# Replacing LGB Mogul idler gears



## eheading (Jan 5, 2008)

I am trying to replace the idler gears in my 2019S LGB Mogul engine. I have the drive wheels and associated gears removed, but I don't see how to get the little idler axle with it's two gears (actually one molding) out of the motorblock. Can anyone give me some advice on how to get these idlers out of the engine??

Thanks,
Ed


----------



## Cougar Rock Rail (Jan 2, 2008)

Hi Ed, 

Did you remove the motor block from the rest of the loco and try pulling the motor block apart further from the top? I think there might be a top plate you can remove then just pull out the gear.
If not, maybe you can you drive or press the axle that the idler gear is on out through the side of the block using a small punch or something close to the same diameter? 

Keith


----------



## Michael Glavin (Jan 2, 2009)

Ed, 

As suggested take the top cover off, lift out the motor and the reduction gears are sitting in U-shaped molded stirrups of the main motor block, simply lift them out. Do not try and knock the floating gear axles out thru the side! The openings in the motor block at the reduction gears axles are for lubrication only. 

Michael


----------



## eheading (Jan 5, 2008)

Thanks guys, I think the secret is just as you say, the idlers have to come out the TOP of the motorblock, not the bottom! Tomorrow when I get a chance I'll give that approach a try.

Thanks again,
Ed


----------



## Dan Pierce (Jan 2, 2008)

The 2-4-0 has a shaft that needs to be knocked out, but not the mogul. 

The gear definately lifts out from the top after removing the motor. Watch for the motor alignment pin, I usually mark the motor top with a sharpie before removing. 

Oil the shaft when installing the new gear/s and clean and grease the gears(a little is all that is needed).

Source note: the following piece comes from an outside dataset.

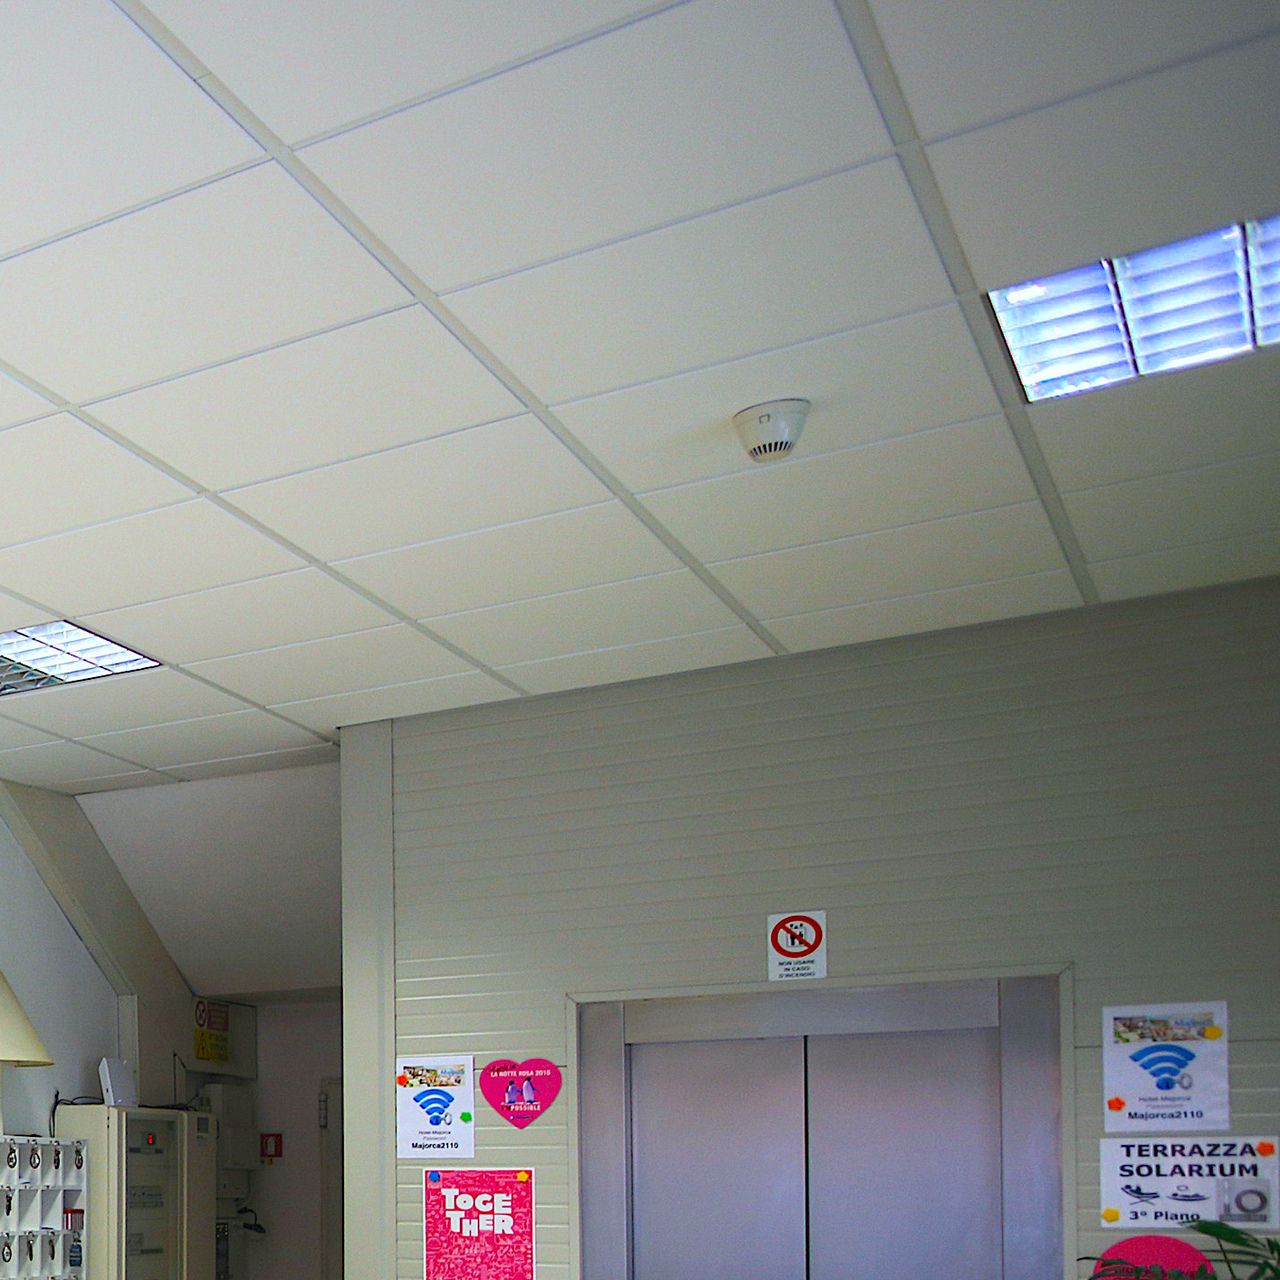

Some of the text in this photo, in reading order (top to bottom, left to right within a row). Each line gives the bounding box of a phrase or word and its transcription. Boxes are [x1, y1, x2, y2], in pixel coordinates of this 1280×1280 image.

Also, oil the axles, one tiny drop on each. 

Many times the gear fails due to a bad motor, motor shaft should not have any side play on either end.


----------



## eheading (Jan 5, 2008)

Thank you guys. As you said, the secret was taking the gears out the top. Once you know which screws to take out, the motorblock comes right off the engine, take the top off, pull out the motor and the two idler gear assemblies pop right out. Took me no more than 1/2 hour to do the whole job.

Thanks for the good advice.

Ed


----------